Mr. B’s disused family chapel symbolizes how he and his family have neglected religion. Before meeting Pamela, Mr. B was a rake who got involved in duels and who fathered a child with the unmarried woman Sally Godfrey, showing a lack of respect for traditional Christian marriage conventions. At first, Mr. B acts similarly toward Pamela, totally disregarding her wish to remain celibate until marriage with his many sexual advances and assaults. At one point, he even schemes to use Pamela’s religious beliefs against her, trying to trick her into a sham-marriage so that he can have a sexual relationship with her while still having the option to break off their relationship at any point.
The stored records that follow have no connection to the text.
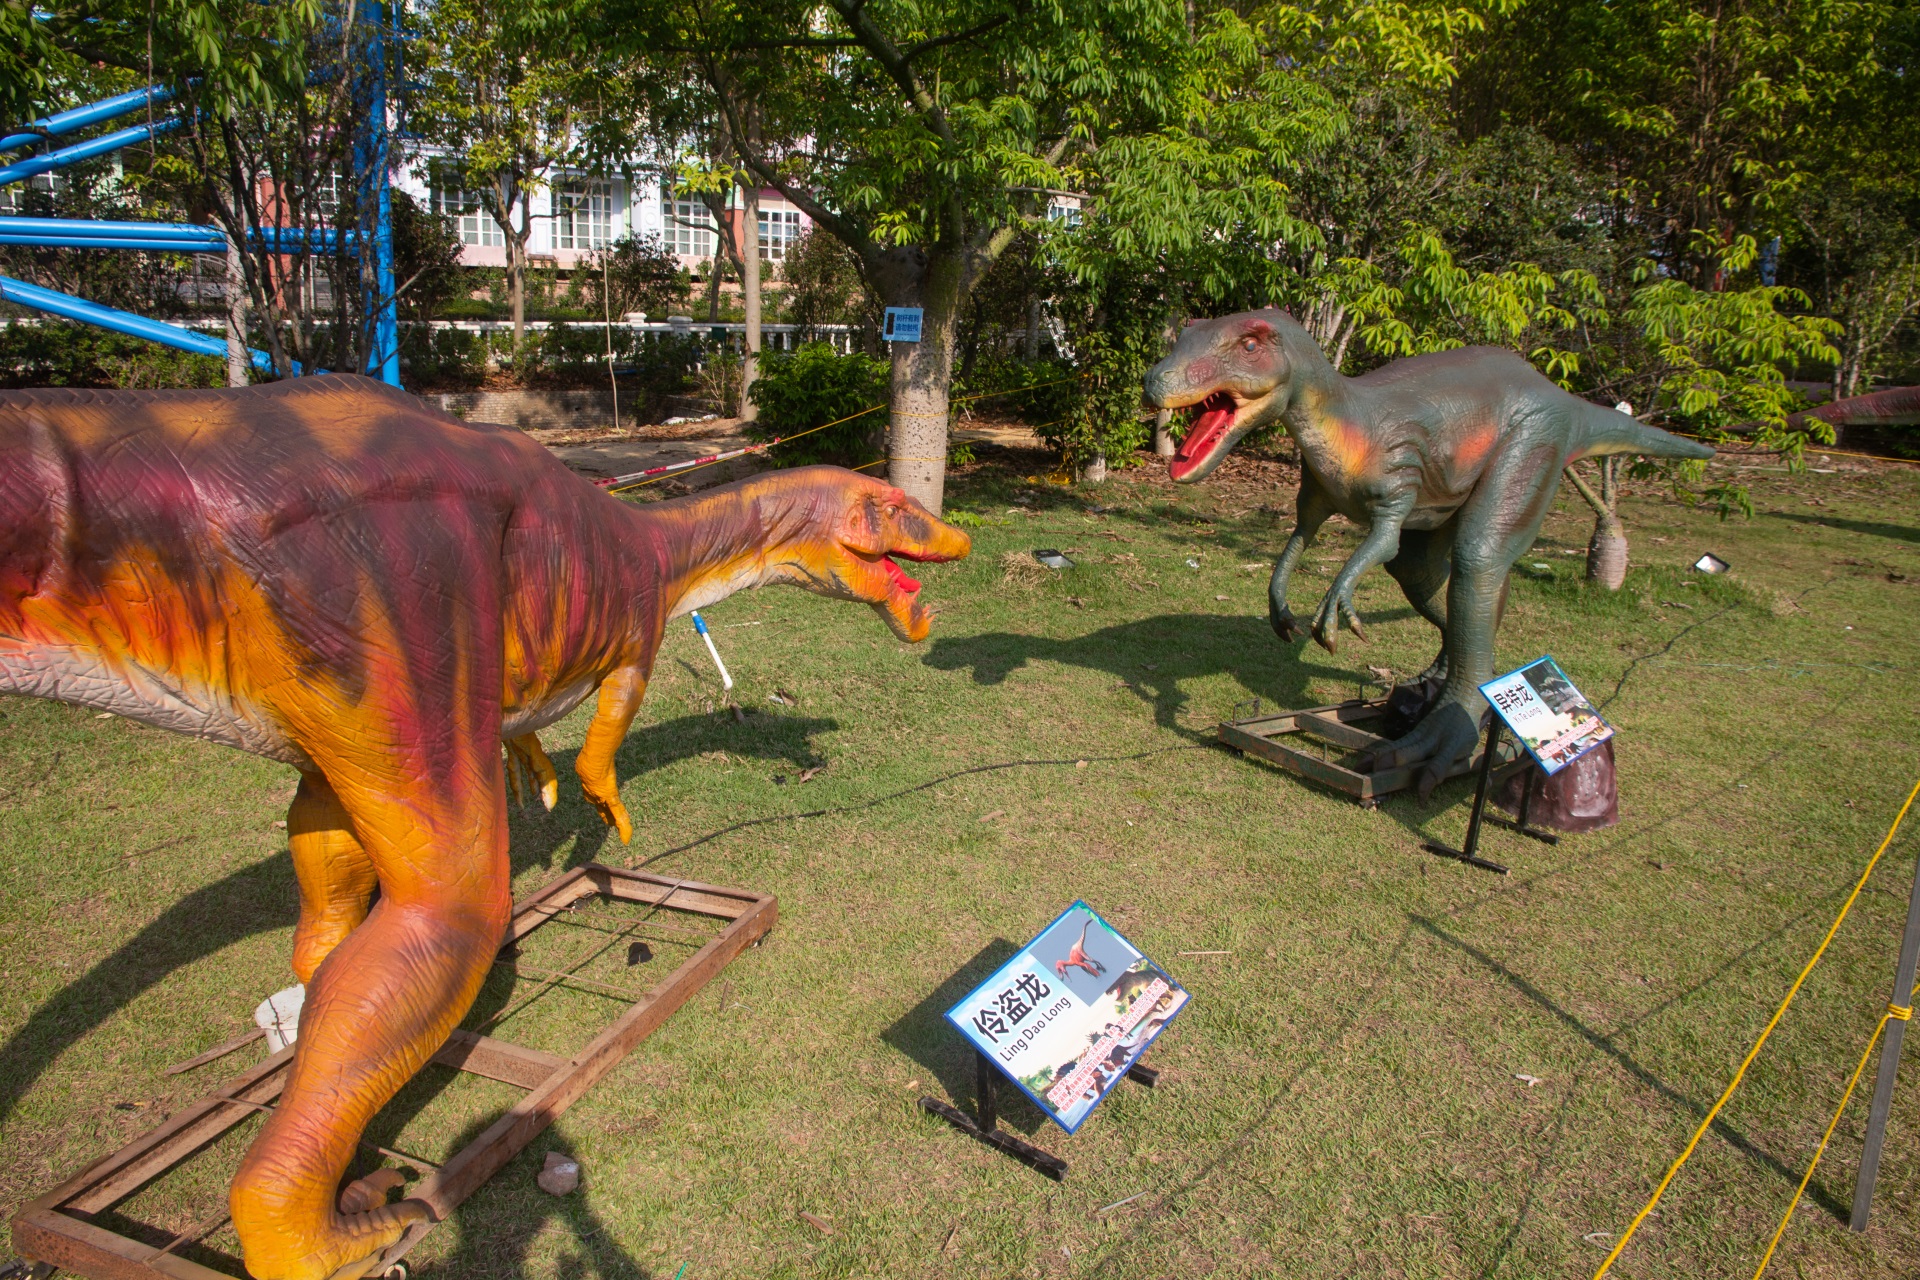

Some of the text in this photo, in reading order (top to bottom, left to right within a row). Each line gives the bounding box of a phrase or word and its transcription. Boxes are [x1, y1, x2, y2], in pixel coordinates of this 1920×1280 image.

[1493, 683, 1534, 714] 异特龙
[1513, 716, 1522, 724] Yi
[1528, 706, 1542, 719] Long
[972, 973, 1051, 1044] 伶盗龙
[999, 996, 1072, 1062] Ling Dao Long
Eventually, however, Pamela’s good example begins to change Mr. B’s behavior, particularly after he reads some of her journal entries and learns more about how she thinks. When Mr. B proposes to Pamela—for real, not as a sham—Pamela insists that they should get married in a proper church rather than his house. This leads Mr. B to clean out his family’s chapel, which they had been using as a shed to store lumber. The lumber in the chapel signifies how Mr. B and his family prioritized worldly economic issues over spiritual ones. Pamela’s decision to clean and revive the chapel so that she and Mr. B can get married in it, then, shows how Pamela’s virtuous example brings religion into Mr. B’s life, and so the chapel symbolizes the positive, transformative effect that religion can have on a person.
Chapel Quotes in Pamela
I have no Will but yours, said I (all glowing like the Fire, as I could feel:) But, Sir, did you say in the House? Ay, said he; for I care not how privately it be done; and it must be very public if we go to Church. It is a Holy Rite, Sir, said I; and would be better, methinks, in a Holy Place.
And thus, my dearest, dear Parents, is your happy, happy, thrice happy Pamela, at last, marry’d; and to who?—Why, to her beloved, gracious Master! The Lord of her Wishes!—And thus the dear, once naughty Assailer of her Innocence, by a blessed Turn of Providence, is become the kind, the generous Protector and Rewarder of it.